- **Records for the exercise**
%%

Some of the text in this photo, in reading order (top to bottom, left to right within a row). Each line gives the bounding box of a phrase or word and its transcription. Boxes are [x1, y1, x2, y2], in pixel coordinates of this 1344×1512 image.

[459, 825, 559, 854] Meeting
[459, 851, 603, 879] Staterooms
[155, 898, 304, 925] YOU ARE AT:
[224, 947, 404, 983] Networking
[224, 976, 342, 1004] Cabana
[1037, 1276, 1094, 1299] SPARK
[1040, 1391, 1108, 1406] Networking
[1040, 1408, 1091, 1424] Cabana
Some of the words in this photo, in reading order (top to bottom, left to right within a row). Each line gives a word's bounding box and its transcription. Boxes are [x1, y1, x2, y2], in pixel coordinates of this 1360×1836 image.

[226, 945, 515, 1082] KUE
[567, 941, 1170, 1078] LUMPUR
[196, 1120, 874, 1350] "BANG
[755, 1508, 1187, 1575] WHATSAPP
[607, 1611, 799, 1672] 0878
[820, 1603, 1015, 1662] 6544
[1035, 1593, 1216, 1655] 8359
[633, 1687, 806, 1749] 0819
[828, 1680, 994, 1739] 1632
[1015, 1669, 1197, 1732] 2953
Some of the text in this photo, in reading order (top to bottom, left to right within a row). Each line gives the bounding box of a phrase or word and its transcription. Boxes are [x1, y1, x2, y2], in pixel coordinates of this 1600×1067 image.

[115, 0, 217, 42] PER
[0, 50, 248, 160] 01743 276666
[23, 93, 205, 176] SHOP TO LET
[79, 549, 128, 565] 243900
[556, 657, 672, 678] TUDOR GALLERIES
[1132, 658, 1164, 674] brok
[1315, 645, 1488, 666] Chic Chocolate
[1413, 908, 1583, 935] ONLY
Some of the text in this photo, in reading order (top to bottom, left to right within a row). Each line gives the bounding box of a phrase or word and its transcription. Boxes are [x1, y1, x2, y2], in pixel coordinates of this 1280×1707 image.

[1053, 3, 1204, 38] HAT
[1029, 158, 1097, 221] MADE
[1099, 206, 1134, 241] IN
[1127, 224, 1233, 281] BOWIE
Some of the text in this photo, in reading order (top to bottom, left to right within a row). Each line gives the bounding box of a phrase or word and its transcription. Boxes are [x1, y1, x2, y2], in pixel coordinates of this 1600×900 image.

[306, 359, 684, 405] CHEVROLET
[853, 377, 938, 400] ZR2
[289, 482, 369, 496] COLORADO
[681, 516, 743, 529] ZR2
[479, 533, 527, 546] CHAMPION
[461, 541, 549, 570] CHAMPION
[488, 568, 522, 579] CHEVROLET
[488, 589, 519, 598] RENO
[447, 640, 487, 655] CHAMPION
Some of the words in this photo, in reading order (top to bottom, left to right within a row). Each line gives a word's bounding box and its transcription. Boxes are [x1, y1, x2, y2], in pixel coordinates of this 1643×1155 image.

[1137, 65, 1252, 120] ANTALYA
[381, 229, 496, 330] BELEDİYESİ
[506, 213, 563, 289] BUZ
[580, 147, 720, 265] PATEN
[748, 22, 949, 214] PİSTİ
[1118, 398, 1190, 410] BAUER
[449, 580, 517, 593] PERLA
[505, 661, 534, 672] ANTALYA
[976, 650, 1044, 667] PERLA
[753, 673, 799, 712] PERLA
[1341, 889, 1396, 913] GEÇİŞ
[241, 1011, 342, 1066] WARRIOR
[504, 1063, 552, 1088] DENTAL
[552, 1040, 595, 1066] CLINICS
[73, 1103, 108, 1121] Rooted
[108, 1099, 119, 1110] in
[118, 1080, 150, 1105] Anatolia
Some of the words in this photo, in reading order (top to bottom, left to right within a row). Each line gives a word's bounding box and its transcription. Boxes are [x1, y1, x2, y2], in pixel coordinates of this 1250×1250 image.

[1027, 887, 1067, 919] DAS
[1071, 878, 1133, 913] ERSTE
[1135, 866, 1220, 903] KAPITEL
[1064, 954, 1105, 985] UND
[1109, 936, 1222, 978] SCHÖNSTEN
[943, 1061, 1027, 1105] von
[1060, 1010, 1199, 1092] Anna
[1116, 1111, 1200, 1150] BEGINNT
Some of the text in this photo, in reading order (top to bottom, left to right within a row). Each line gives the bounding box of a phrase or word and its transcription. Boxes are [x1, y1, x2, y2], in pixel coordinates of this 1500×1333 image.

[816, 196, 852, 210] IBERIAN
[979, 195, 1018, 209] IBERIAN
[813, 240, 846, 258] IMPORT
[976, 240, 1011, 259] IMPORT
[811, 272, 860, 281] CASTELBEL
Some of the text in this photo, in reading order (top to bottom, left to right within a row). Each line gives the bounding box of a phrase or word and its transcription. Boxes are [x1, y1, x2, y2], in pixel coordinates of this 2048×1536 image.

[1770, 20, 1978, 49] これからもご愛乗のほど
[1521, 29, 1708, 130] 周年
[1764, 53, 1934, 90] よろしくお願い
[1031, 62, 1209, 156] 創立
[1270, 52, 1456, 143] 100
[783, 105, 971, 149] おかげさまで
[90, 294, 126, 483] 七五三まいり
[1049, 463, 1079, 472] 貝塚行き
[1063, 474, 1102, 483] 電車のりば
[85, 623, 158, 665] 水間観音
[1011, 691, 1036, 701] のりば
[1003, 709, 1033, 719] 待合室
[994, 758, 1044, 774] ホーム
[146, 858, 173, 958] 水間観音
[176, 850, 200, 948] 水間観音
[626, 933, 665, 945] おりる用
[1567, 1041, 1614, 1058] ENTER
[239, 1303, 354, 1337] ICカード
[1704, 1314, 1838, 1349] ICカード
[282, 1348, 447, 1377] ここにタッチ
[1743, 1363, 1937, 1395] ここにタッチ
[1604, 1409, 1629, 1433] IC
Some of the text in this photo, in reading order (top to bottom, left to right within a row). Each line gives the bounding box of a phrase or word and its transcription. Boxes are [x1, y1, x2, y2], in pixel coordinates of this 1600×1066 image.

%%

- **Work instructions**
Using the material above, please reproduce each line exactly.

- **Response box**
Some of the text in this photo, in reading order (top to bottom, left to right within a row). Each line gives the bounding box of a phrase or word and its transcription. Boxes are [x1, y1, x2, y2], in pixel coordinates of this 1344×1512 image.

[459, 825, 559, 854] Meeting
[459, 851, 603, 879] Staterooms
[155, 898, 304, 925] YOU ARE AT:
[224, 947, 404, 983] Networking
[224, 976, 342, 1004] Cabana
[1037, 1276, 1094, 1299] SPARK
[1040, 1391, 1108, 1406] Networking
[1040, 1408, 1091, 1424] Cabana
Some of the words in this photo, in reading order (top to bottom, left to right within a row). Each line gives a word's bounding box and its transcription. Boxes are [x1, y1, x2, y2], in pixel coordinates of this 1360×1836 image.

[226, 945, 515, 1082] KUE
[567, 941, 1170, 1078] LUMPUR
[196, 1120, 874, 1350] "BANG
[755, 1508, 1187, 1575] WHATSAPP
[607, 1611, 799, 1672] 0878
[820, 1603, 1015, 1662] 6544
[1035, 1593, 1216, 1655] 8359
[633, 1687, 806, 1749] 0819
[828, 1680, 994, 1739] 1632
[1015, 1669, 1197, 1732] 2953
Some of the text in this photo, in reading order (top to bottom, left to right within a row). Each line gives the bounding box of a phrase or word and its transcription. Boxes are [x1, y1, x2, y2], in pixel coordinates of this 1600×1067 image.

[115, 0, 217, 42] PER
[0, 50, 248, 160] 01743 276666
[23, 93, 205, 176] SHOP TO LET
[79, 549, 128, 565] 243900
[556, 657, 672, 678] TUDOR GALLERIES
[1132, 658, 1164, 674] brok
[1315, 645, 1488, 666] Chic Chocolate
[1413, 908, 1583, 935] ONLY
Some of the text in this photo, in reading order (top to bottom, left to right within a row). Each line gives the bounding box of a phrase or word and its transcription. Boxes are [x1, y1, x2, y2], in pixel coordinates of this 1280×1707 image.

[1053, 3, 1204, 38] HAT
[1029, 158, 1097, 221] MADE
[1099, 206, 1134, 241] IN
[1127, 224, 1233, 281] BOWIE
Some of the text in this photo, in reading order (top to bottom, left to right within a row). Each line gives the bounding box of a phrase or word and its transcription. Boxes are [x1, y1, x2, y2], in pixel coordinates of this 1600×900 image.

[306, 359, 684, 405] CHEVROLET
[853, 377, 938, 400] ZR2
[289, 482, 369, 496] COLORADO
[681, 516, 743, 529] ZR2
[479, 533, 527, 546] CHAMPION
[461, 541, 549, 570] CHAMPION
[488, 568, 522, 579] CHEVROLET
[488, 589, 519, 598] RENO
[447, 640, 487, 655] CHAMPION
Some of the words in this photo, in reading order (top to bottom, left to right within a row). Each line gives a word's bounding box and its transcription. Boxes are [x1, y1, x2, y2], in pixel coordinates of this 1643×1155 image.

[1137, 65, 1252, 120] ANTALYA
[381, 229, 496, 330] BELEDİYESİ
[506, 213, 563, 289] BUZ
[580, 147, 720, 265] PATEN
[748, 22, 949, 214] PİSTİ
[1118, 398, 1190, 410] BAUER
[449, 580, 517, 593] PERLA
[505, 661, 534, 672] ANTALYA
[976, 650, 1044, 667] PERLA
[753, 673, 799, 712] PERLA
[1341, 889, 1396, 913] GEÇİŞ
[241, 1011, 342, 1066] WARRIOR
[504, 1063, 552, 1088] DENTAL
[552, 1040, 595, 1066] CLINICS
[73, 1103, 108, 1121] Rooted
[108, 1099, 119, 1110] in
[118, 1080, 150, 1105] Anatolia
Some of the words in this photo, in reading order (top to bottom, left to right within a row). Each line gives a word's bounding box and its transcription. Boxes are [x1, y1, x2, y2], in pixel coordinates of this 1250×1250 image.

[1027, 887, 1067, 919] DAS
[1071, 878, 1133, 913] ERSTE
[1135, 866, 1220, 903] KAPITEL
[1064, 954, 1105, 985] UND
[1109, 936, 1222, 978] SCHÖNSTEN
[943, 1061, 1027, 1105] von
[1060, 1010, 1199, 1092] Anna
[1116, 1111, 1200, 1150] BEGINNT
Some of the text in this photo, in reading order (top to bottom, left to right within a row). Each line gives the bounding box of a phrase or word and its transcription. Boxes are [x1, y1, x2, y2], in pixel coordinates of this 1500×1333 image.

[816, 196, 852, 210] IBERIAN
[979, 195, 1018, 209] IBERIAN
[813, 240, 846, 258] IMPORT
[976, 240, 1011, 259] IMPORT
[811, 272, 860, 281] CASTELBEL
Some of the text in this photo, in reading order (top to bottom, left to right within a row). Each line gives the bounding box of a phrase or word and its transcription. Boxes are [x1, y1, x2, y2], in pixel coordinates of this 2048×1536 image.

[1770, 20, 1978, 49] これからもご愛乗のほど
[1521, 29, 1708, 130] 周年
[1764, 53, 1934, 90] よろしくお願い
[1031, 62, 1209, 156] 創立
[1270, 52, 1456, 143] 100
[783, 105, 971, 149] おかげさまで
[90, 294, 126, 483] 七五三まいり
[1049, 463, 1079, 472] 貝塚行き
[1063, 474, 1102, 483] 電車のりば
[85, 623, 158, 665] 水間観音
[1011, 691, 1036, 701] のりば
[1003, 709, 1033, 719] 待合室
[994, 758, 1044, 774] ホーム
[146, 858, 173, 958] 水間観音
[176, 850, 200, 948] 水間観音
[626, 933, 665, 945] おりる用
[1567, 1041, 1614, 1058] ENTER
[239, 1303, 354, 1337] ICカード
[1704, 1314, 1838, 1349] ICカード
[282, 1348, 447, 1377] ここにタッチ
[1743, 1363, 1937, 1395] ここにタッチ
[1604, 1409, 1629, 1433] IC
Some of the text in this photo, in reading order (top to bottom, left to right within a row). Each line gives the bounding box of a phrase or word and its transcription. Boxes are [x1, y1, x2, y2], in pixel coordinates of this 1600×1066 image.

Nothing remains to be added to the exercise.